Se ci pensiamo, gli ambienti in cui muoviamo Corvo e Galaad sono praticamente gli stessi: strade che si fanno largo fra palazzi cadenti, piazze a volte splendenti e altre sporche e malfamate, palazzi signorili estremamente opulenti, musei, moli con attraccati vascelli mastodontici. Per quanto Dishonored sia un gioco dal level design estremamente più ampio e profondo, l’impressione di esplorare e combattere in ambiente claustrofobici, chiusi, pesanti, complessi è praticamente la stessa che abbiamo giocando a The Order. E in entrambi i casi la città Vittoriana è trasfigurata nell’ottica steampunk, con frammenti di “futuro” come edifici in freddo acciaio, dirigibili in volo, strutture monumentali che fanno assomigliare il centro abitato a una sorta di gigantesco castello medievale.
Legami estetici tra i due setting sono un gigantesco orologio (il Big Ben e, per quel che riguarda Dunwall, la Torre dell’Orologio) e ovviamente, un ponte monumentale (il Ponte di Kaldwin in Dishonored e il Tower Bridge a Londra), che diventano quasi simboli identificativi di un “tema narrativo”.
Va da sé che questa forte presenza della capitale inglese in questo tipo di narrazioni è dipesa dal fatto che steampunk fa rima con vittoriano e vittoriano con Londra. Questo ha un duplice effetto, perché se da un lato steampunk diventa spesso sinonimo di opulenza e ricchezza, dall’altro al contrario emerge come setting particolarmente dark, corrotto, brutale.
Del resto, l’Età Vittoriana fu questo, un’immensa contraddizione ed età di luce e ombra, sospesa fra progresso e orrore: basta leggere Oliver Twist o From Hell per avere chiaro quanto fosse difficile vivere nei sobborghi di quella metropoli a metà-fine XIX secolo.
Di fatto, ogni volta che giochiamo a una qualsiasi avventura steampunk ci stiamo inevitabilmente facendo largo in una delle tante sfumature di questa città e dei suoi “significati storici”.
Come visto, la monarchia ricopre un ruolo molto importante sia nel gioco Arkane che in quello di Ready at Dawn, anche in questo caso per una ragione molto chiara: la società steampunk è derivata dalla presenza di una solida istituzione secolare che ha fatto e fa da collante spirituale all’intera nazione.
Non serve chissà quale cultura per ricordarci come la corona inglese e in particolare la Regina Vittoria (1819-1901) siano state una elementi centrali di quell’epoca, in grado di portare l’Impero Britannico all’apice della sua potenza e di fondare un’immagine di quella Nazione per i secoli a venire. Del resto, il fatto che il termine “vittoriano” venga applicato non solo al periodo storico ed economico, ma anche alla letteratura, all’arte e all’architettura dice già moltissimo, no?

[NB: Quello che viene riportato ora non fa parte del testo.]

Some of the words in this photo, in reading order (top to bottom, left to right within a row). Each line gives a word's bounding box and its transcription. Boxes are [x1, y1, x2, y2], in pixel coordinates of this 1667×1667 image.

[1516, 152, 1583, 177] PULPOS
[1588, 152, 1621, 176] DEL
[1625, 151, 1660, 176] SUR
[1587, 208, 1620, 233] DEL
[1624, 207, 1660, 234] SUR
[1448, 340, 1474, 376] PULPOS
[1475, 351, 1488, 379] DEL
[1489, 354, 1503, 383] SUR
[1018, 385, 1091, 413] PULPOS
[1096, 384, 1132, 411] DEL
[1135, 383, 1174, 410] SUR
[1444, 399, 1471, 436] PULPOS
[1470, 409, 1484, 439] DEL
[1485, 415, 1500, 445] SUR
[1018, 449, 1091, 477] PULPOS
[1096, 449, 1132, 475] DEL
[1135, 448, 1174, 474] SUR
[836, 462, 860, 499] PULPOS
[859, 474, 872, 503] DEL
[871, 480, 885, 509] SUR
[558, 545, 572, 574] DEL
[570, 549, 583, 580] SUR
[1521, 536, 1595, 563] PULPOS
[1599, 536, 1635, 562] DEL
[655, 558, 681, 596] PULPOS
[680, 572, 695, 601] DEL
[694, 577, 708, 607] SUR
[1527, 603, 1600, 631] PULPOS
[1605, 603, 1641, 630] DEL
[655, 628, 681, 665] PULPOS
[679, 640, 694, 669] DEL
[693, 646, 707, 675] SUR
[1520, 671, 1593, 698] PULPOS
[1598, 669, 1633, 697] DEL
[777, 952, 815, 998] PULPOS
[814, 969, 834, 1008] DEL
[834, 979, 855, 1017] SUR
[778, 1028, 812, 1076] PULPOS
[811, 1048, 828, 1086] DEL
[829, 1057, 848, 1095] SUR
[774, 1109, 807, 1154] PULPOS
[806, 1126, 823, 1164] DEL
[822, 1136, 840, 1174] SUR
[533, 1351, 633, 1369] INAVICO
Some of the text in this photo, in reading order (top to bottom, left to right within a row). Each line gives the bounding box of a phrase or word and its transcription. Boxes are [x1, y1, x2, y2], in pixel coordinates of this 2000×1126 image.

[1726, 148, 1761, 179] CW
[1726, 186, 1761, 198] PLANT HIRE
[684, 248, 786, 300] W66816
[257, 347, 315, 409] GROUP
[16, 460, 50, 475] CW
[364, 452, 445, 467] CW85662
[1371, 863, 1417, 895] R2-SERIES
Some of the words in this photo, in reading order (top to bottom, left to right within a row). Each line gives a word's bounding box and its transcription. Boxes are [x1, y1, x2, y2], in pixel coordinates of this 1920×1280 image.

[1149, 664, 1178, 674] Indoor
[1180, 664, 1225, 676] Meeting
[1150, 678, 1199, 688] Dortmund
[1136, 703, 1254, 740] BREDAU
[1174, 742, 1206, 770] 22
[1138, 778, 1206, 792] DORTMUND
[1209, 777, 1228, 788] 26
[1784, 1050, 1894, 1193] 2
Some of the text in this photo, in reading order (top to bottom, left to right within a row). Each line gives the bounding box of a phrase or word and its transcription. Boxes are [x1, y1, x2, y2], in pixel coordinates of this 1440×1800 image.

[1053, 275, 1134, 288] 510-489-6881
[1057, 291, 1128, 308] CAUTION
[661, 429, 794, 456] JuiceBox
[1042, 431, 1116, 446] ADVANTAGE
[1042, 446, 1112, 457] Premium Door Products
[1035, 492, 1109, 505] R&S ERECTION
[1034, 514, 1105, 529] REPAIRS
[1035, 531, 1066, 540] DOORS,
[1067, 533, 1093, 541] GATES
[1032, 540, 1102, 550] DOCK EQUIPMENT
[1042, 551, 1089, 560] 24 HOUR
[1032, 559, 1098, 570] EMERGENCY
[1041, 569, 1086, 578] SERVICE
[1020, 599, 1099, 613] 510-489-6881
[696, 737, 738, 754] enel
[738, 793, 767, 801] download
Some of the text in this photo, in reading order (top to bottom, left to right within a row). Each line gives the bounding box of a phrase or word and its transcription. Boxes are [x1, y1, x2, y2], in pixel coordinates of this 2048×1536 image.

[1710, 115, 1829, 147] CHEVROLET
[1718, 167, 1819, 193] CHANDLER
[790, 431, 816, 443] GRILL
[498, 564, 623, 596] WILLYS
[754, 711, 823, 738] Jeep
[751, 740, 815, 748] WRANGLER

Non è un caso che la Regina e in generale la Corona faccia capolino in tantissime narrazioni ambientate in quel setting, dalle opere letterarie quasi coeve a romanzi e film storici successivi. È come se quell’istituzione divenisse una sorta di motore trainante di un’intera epoca e di un intero mondo, in grado di muoverli e di dare uno scopo ai suoi protagonisti. Pensiamo a suoi fedeli difensori come il Club Diogene di Conan Doyle o del GDR Brass Age, veri e propri tutori della legge, o alle tante organizzazioni di criminali impegnate a usurpare il potere alla regina in tantissime opere letterarie e cinematografiche.
Se in The Order: 1886 questo ruolo centrale della Corona emerge di riflesso attraverso la storia dell’Ordine, dato che l’obiettivo dei Cavalieri è quello di proteggere la sovrana, nel caso di Dishonored l’Impero delle Isole emerge come uno vero e proprio comprimario di Corvo e motore dell’intera storia grazie alla figura di Emily Kaldwin, futura sovrana e per questo fulcro di varie macchinazioni.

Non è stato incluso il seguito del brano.